───── GIVEN RECORDS ─────

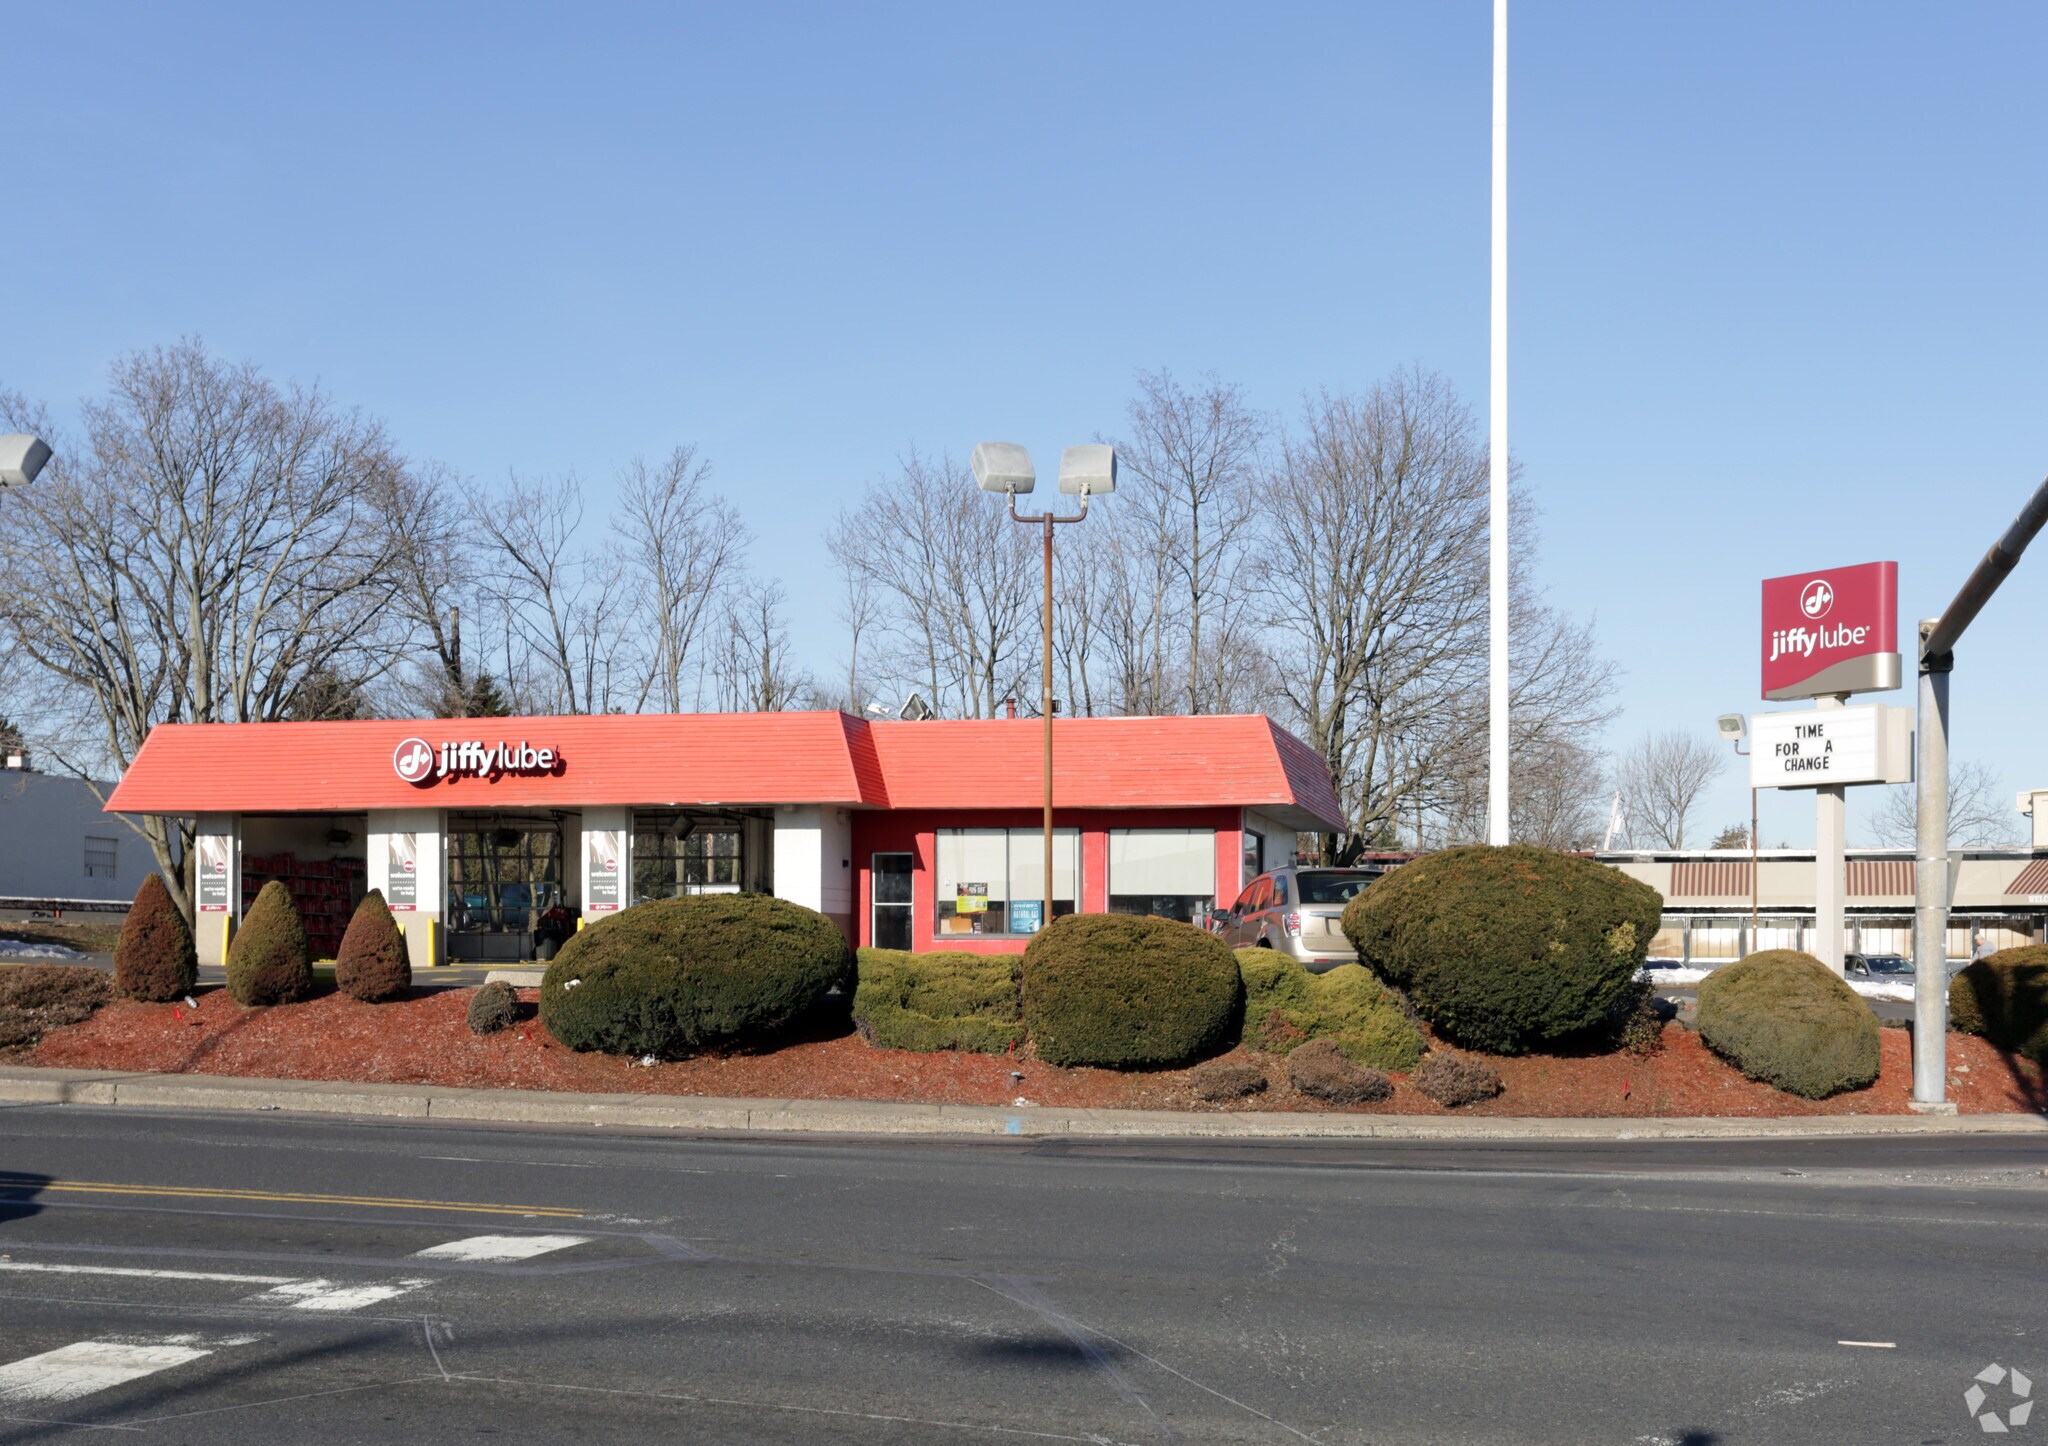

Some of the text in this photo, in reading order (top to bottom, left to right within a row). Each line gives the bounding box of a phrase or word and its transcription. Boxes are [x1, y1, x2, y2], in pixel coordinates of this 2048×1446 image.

[1794, 723, 1824, 739] TIME
[1775, 739, 1833, 757] FOR A
[1784, 755, 1830, 772] CHANGE
[201, 872, 226, 880] welcome
[389, 871, 415, 879] welcome
[590, 870, 617, 878] welcome

─────

BRIEF
Copy each line of the records precisely and drop any images they hold.

SOLUTION FOR THIS EXERCISE
Some of the text in this photo, in reading order (top to bottom, left to right within a row). Each line gives the bounding box of a phrase or word and its transcription. Boxes are [x1, y1, x2, y2], in pixel coordinates of this 2048×1446 image.

[1794, 723, 1824, 739] TIME
[1775, 739, 1833, 757] FOR A
[1784, 755, 1830, 772] CHANGE
[201, 872, 226, 880] welcome
[389, 871, 415, 879] welcome
[590, 870, 617, 878] welcome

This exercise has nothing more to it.